» **What you will do**
Each line from the one that contains "Some of the text" to the last line of the records below must be restated word for word.

╭─ Data extracts

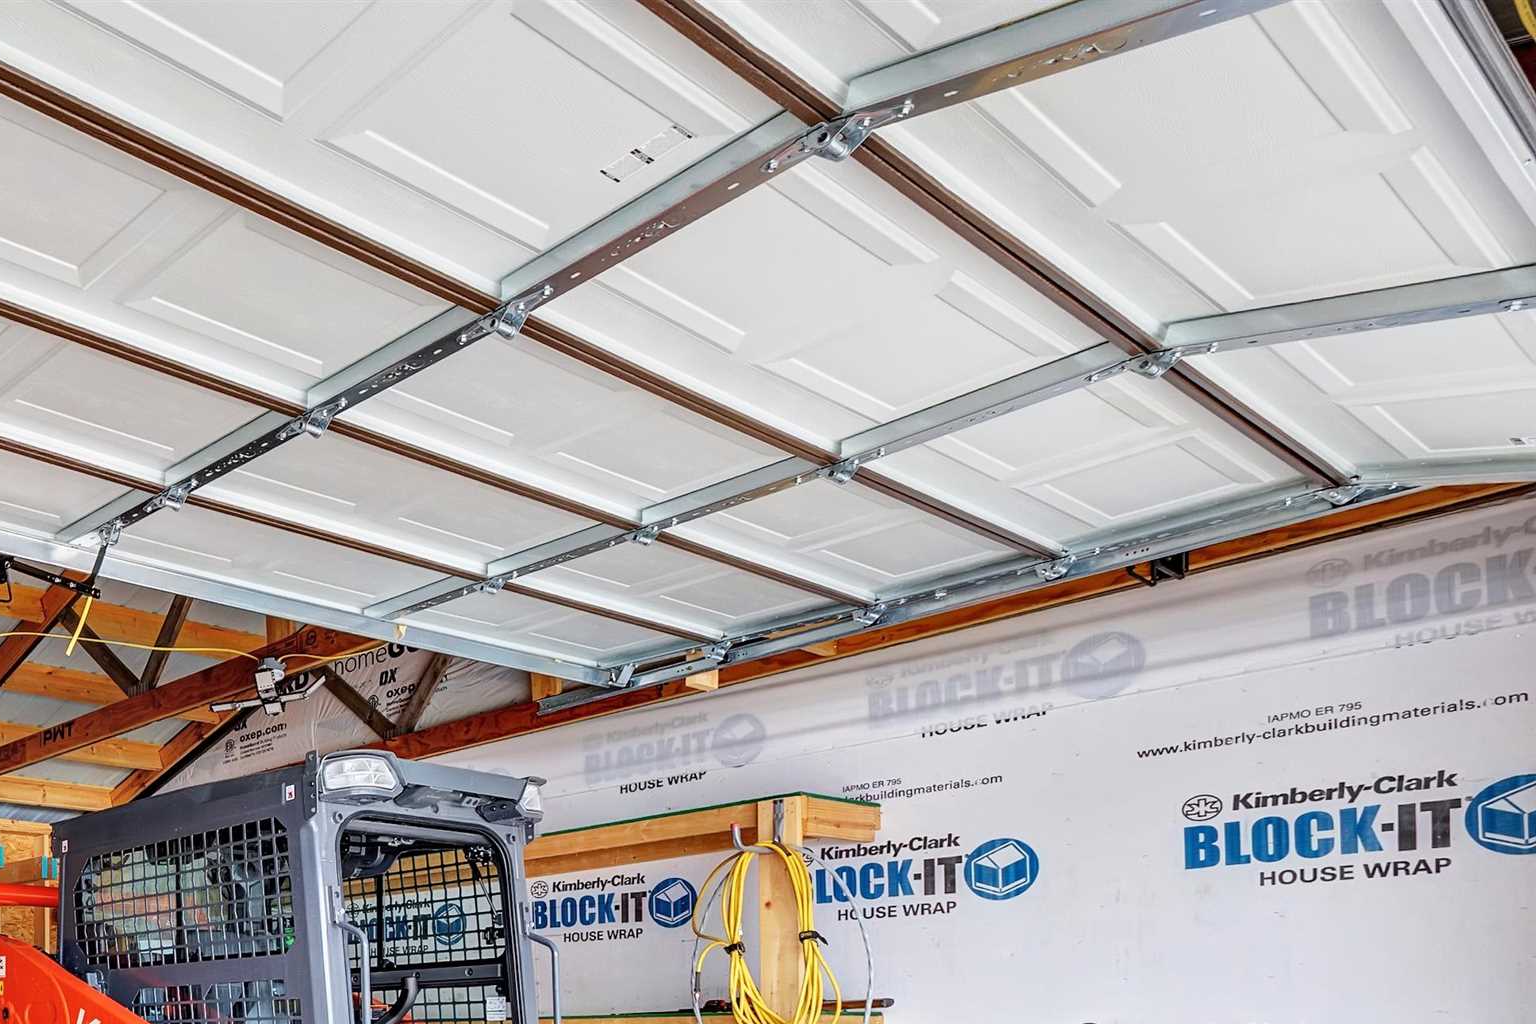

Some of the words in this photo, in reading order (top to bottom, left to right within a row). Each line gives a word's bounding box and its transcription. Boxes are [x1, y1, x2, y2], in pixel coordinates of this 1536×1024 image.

[1136, 690, 1529, 758] www.kimberly-clarkbuildingmaterials.om
[1267, 710, 1311, 724] IAPMO
[1314, 705, 1335, 718] ER
[1337, 701, 1363, 714] 795
[619, 777, 664, 795] HOUSE
[667, 770, 707, 786] WRAP
[872, 779, 884, 790] ER
[886, 777, 902, 788] 795
[1232, 769, 1459, 812] Kimberly-Clark
[820, 833, 961, 862] Kimberly-Clark
[1183, 797, 1462, 871] BLOCK-IT
[552, 873, 646, 894] Kimberly-Clark
[812, 855, 963, 904] LOCK-IT
[1259, 864, 1355, 887] HOUSE
[1362, 857, 1452, 881] WRAP
[532, 890, 648, 930] BLOCK-IT
[837, 905, 898, 921] HOUSE
[902, 901, 957, 918] WRAP
[563, 931, 604, 943] HOUSE
[607, 927, 644, 940] WRAP
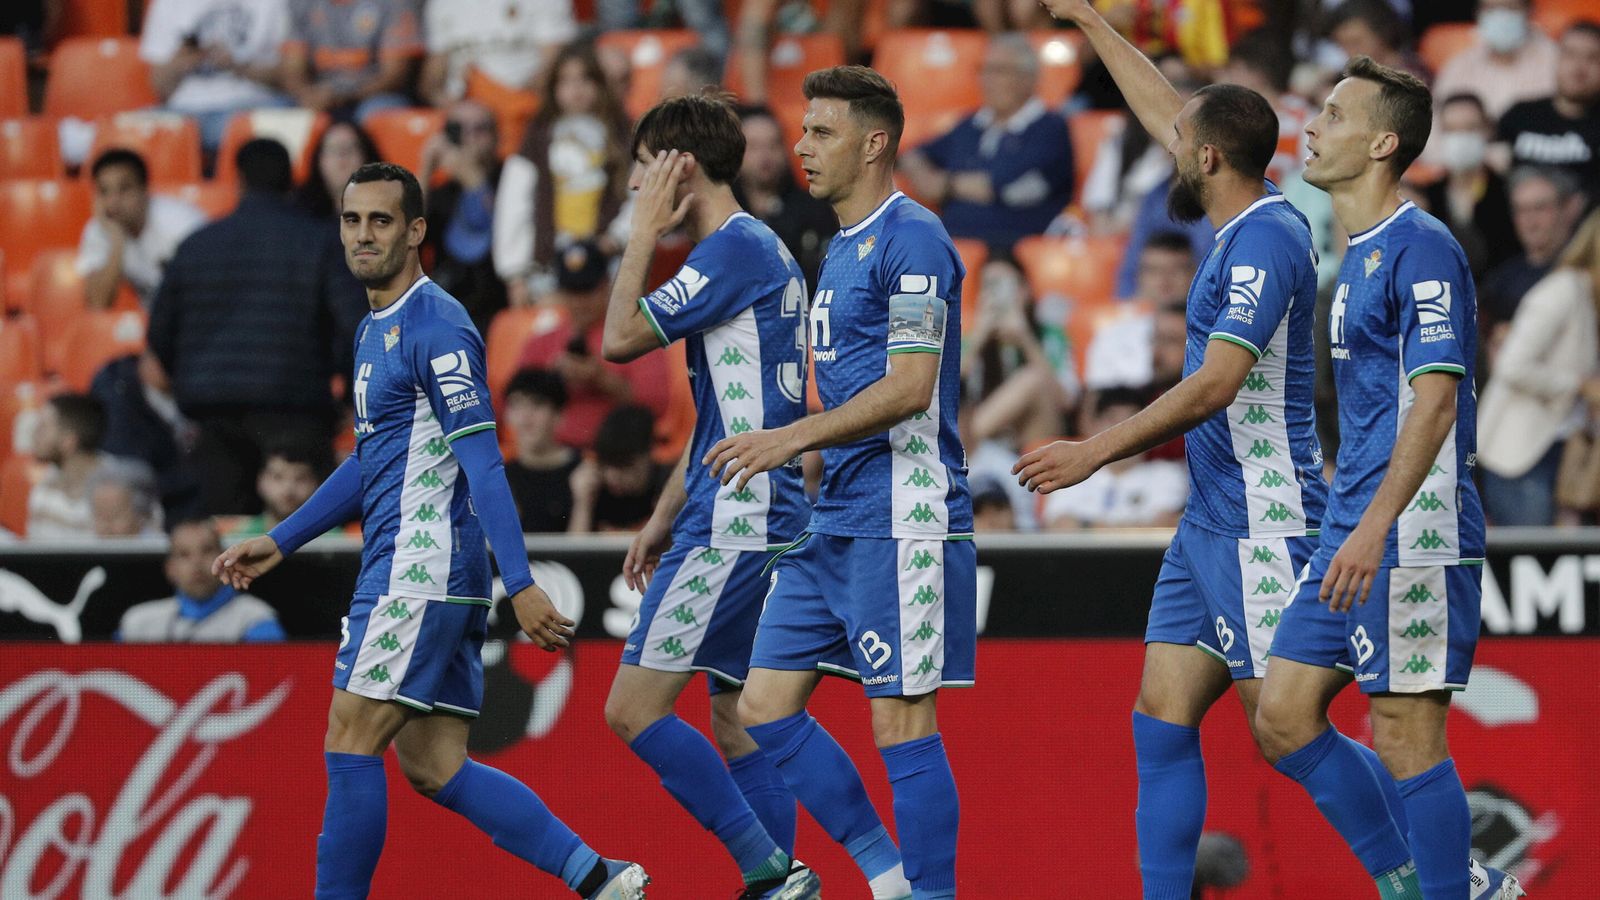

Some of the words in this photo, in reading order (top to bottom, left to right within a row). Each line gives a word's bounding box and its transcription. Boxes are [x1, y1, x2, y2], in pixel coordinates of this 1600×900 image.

[653, 290, 682, 311] REALE
[446, 390, 479, 408] REALE
[449, 399, 481, 414] SEGUROS
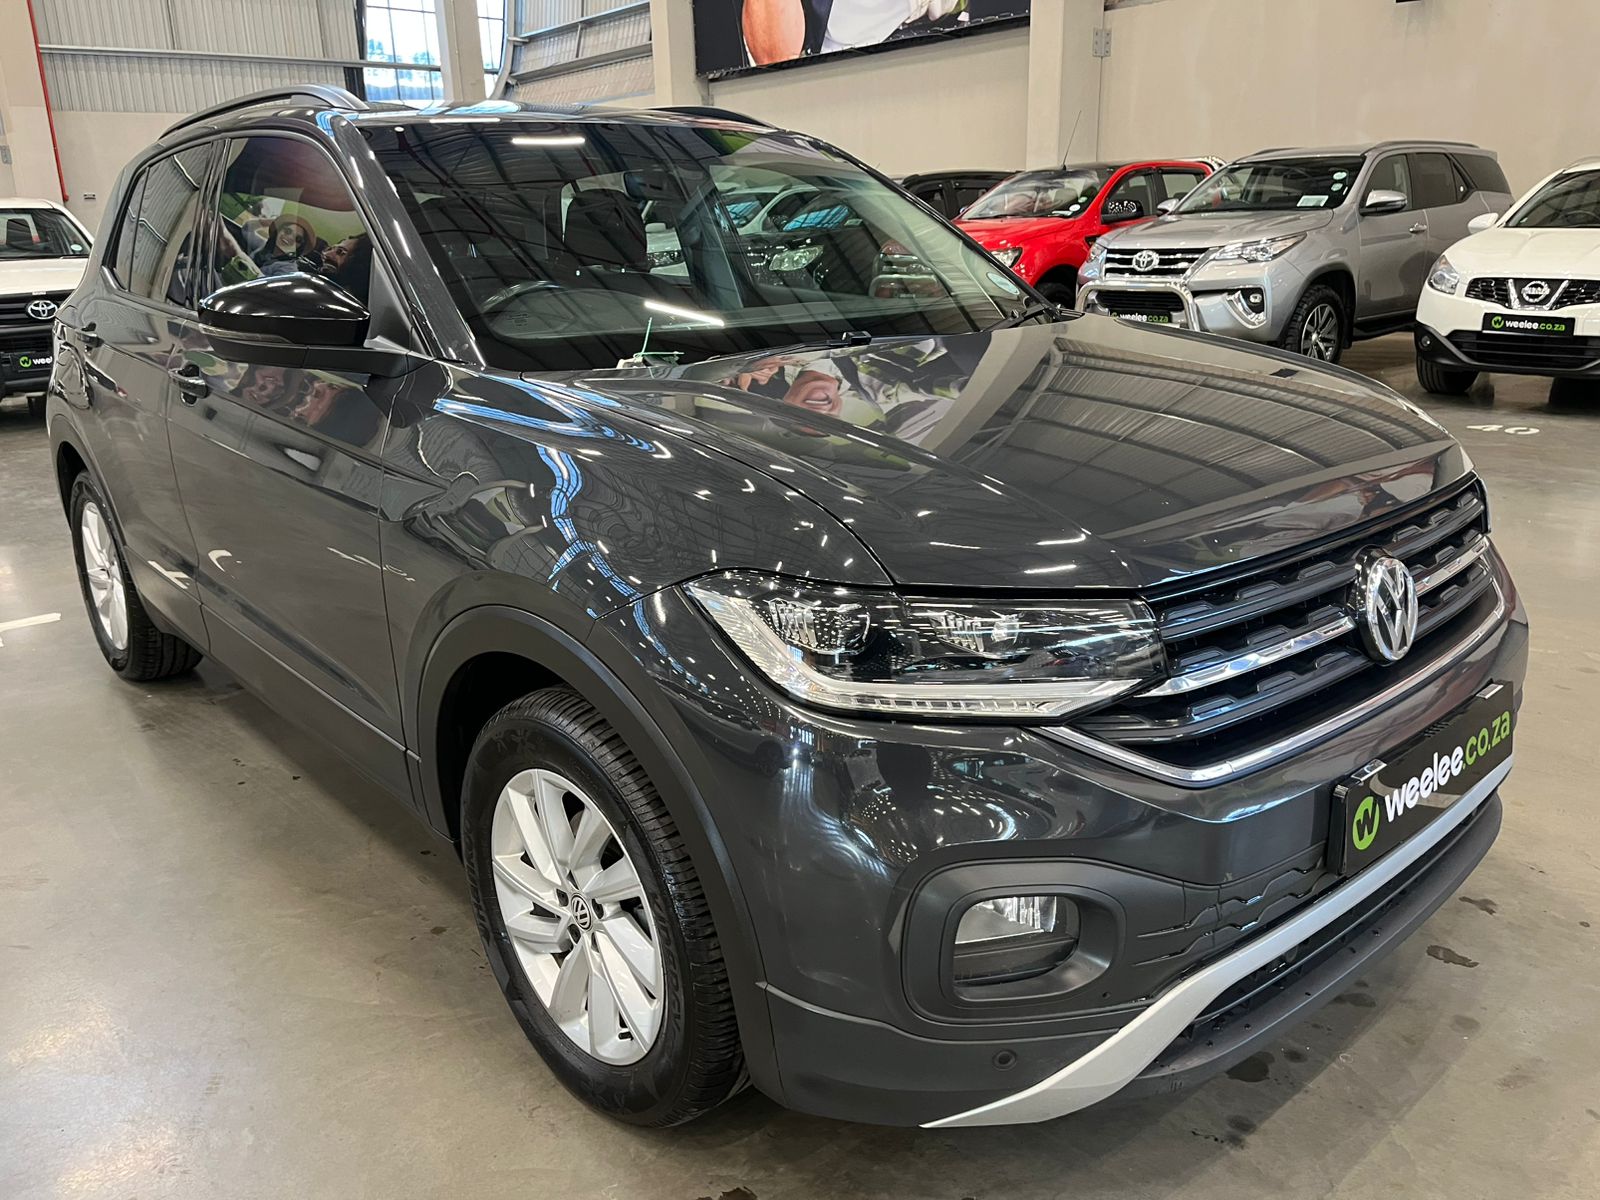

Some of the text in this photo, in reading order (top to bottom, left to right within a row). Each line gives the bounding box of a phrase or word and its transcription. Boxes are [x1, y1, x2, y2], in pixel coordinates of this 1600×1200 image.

[1119, 313, 1169, 323] weeleecoza
[1505, 320, 1566, 332] weelee.co.za
[1466, 424, 1540, 435] 40
[1384, 710, 1511, 822] weelee.co.za

╰─

» **Written reply**
Some of the text in this photo, in reading order (top to bottom, left to right within a row). Each line gives the bounding box of a phrase or word and its transcription. Boxes are [x1, y1, x2, y2], in pixel coordinates of this 1600×1200 image.

[1119, 313, 1169, 323] weeleecoza
[1505, 320, 1566, 332] weelee.co.za
[1466, 424, 1540, 435] 40
[1384, 710, 1511, 822] weelee.co.za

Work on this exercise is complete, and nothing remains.